Lo dejé estar y me concentré en lo que nos ocupaba.

– Sólo hay una cosa que le gusta menos a la oficina del fiscal que perder un veredicto -dije-. Y eso es ser avergonzada por un juez con un veredicto directo, especialmente después de un hallazgo de mala conducta por parte de la fiscalía. Minton ha bajado a hablar con su jefe y es un hombre muy político y siempre sabe por dónde sopla el viento. Podríamos saber algo dentro de unos pocos minutos.

Roulet estaba directamente delante de mí. Miré por encima de su hombro y vi que Sobel continuaba de pie en el pasillo. Estaba hablando por un teléfono móvil.

– Escuchen-dije-i Quédense sentados tranquilos. Si no tengo noticias de la oficina del fiscal, volveremos a la sala dentro de veinte minutos para ver qué quiere hacer la jueza. Así que quédense cerca. Si me disculpan, voy al lavabo.

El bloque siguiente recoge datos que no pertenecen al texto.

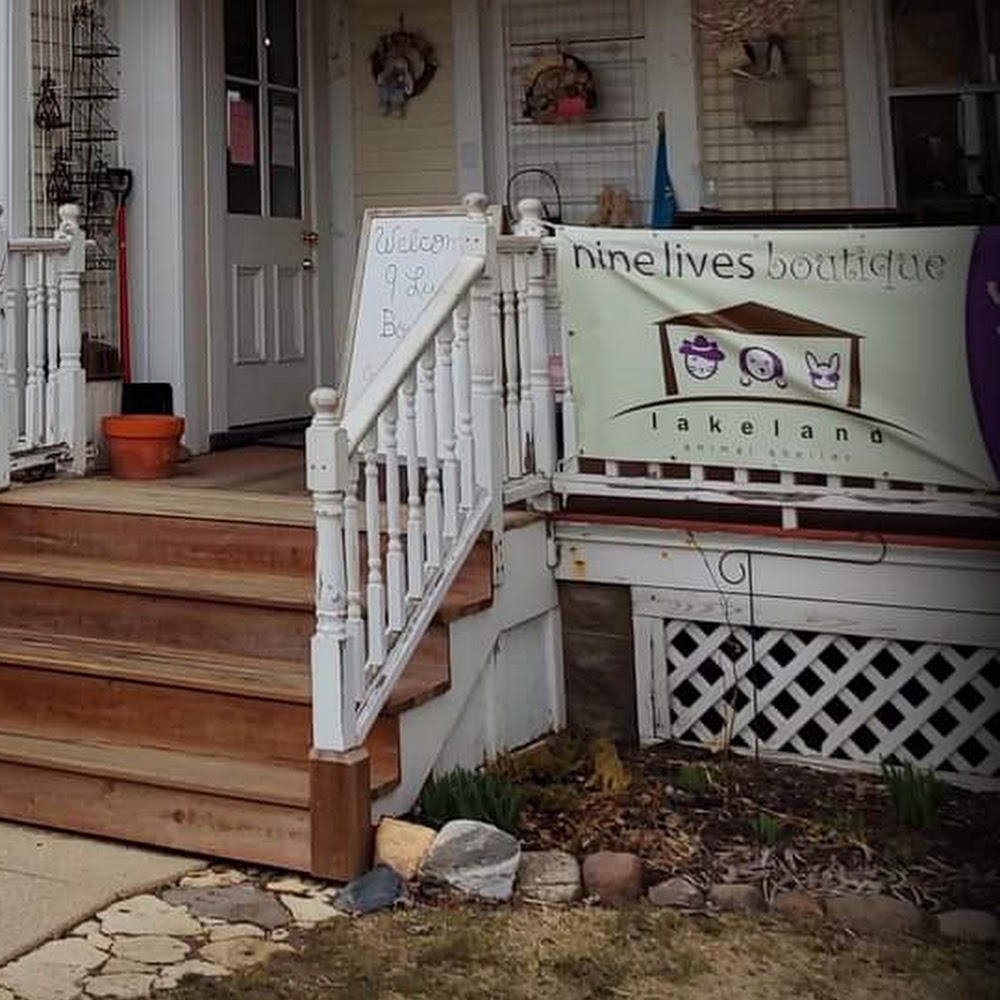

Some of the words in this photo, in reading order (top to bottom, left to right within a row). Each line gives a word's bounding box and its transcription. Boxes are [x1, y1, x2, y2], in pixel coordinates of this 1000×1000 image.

[376, 225, 455, 254] Welcom
[573, 242, 655, 277] nine
[664, 243, 756, 279] lives
[766, 241, 947, 290] boutique
[652, 412, 883, 444] lakeland
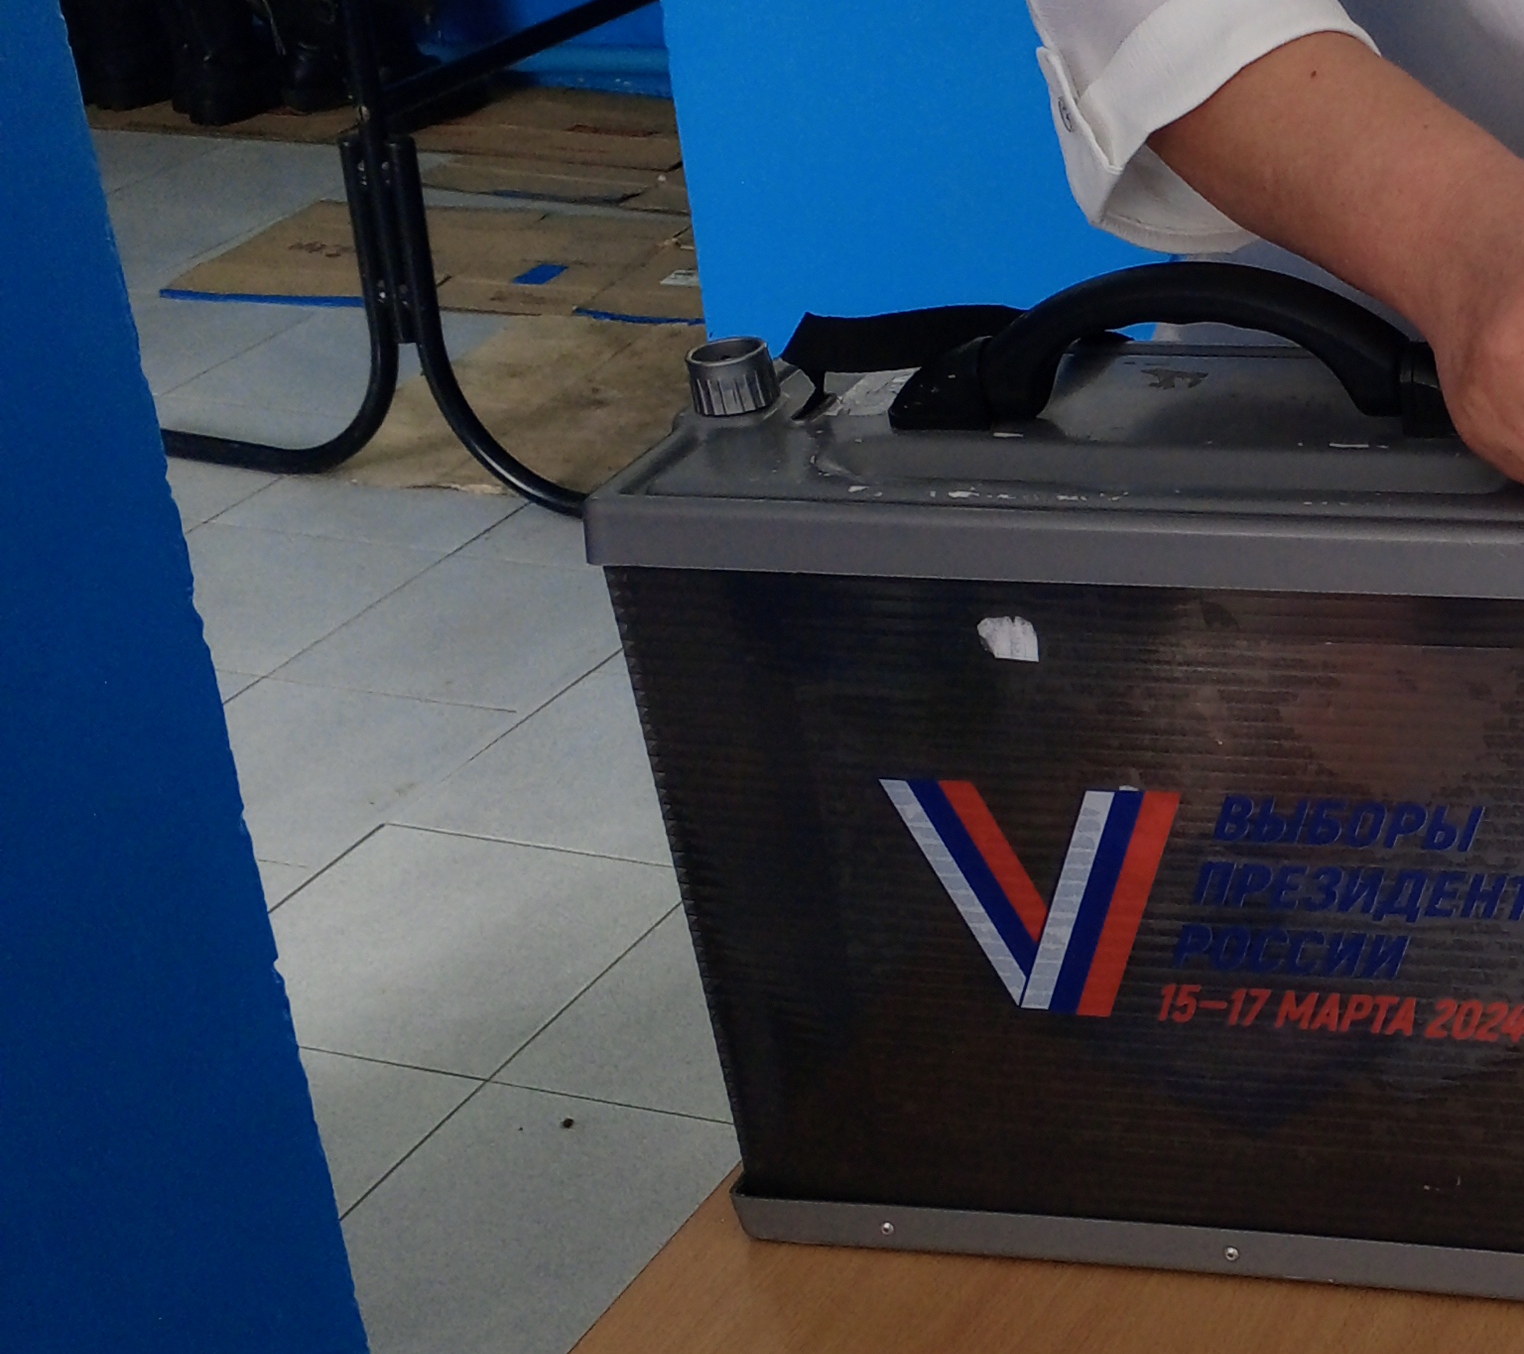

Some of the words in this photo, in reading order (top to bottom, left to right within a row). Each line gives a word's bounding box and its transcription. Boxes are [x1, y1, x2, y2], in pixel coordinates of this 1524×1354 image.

Me alejé de ellos y recorrí el pasillo en dirección a Sobel, pero Roulet se alejó de su madre y su abogado y me dio alcance. Me cogió por el brazo para detenerme.

– Todavía quiero saber cómo consiguió Corliss esa mierda que está diciendo -preguntó.

– ¿Qué importa? Nos beneficia. Es lo que importa.

Roulet acercó su rostro al mío.

– El tipo me ha llamado asesino desde el estrado. ¿Cómo me beneficia eso?

– Porque nadie le creyó. Y por eso está cabreada la jueza, porque han usado a un mentiroso profesional para subir al estrado y decir las peores cosas de usted. Ponerlo delante de un jurado y después tener que revelar al tipo como un mentiroso es conducta indebida. ¿No lo ve? He tenido que subir las apuestas. Era la única forma de presionar a la jueza para amonestar a la fiscalía. Estoy haciendo exactamente lo que quería que hiciera, Louis. Voy a sacarlo en libertad.

Lo examiné mientras él calibraba la información.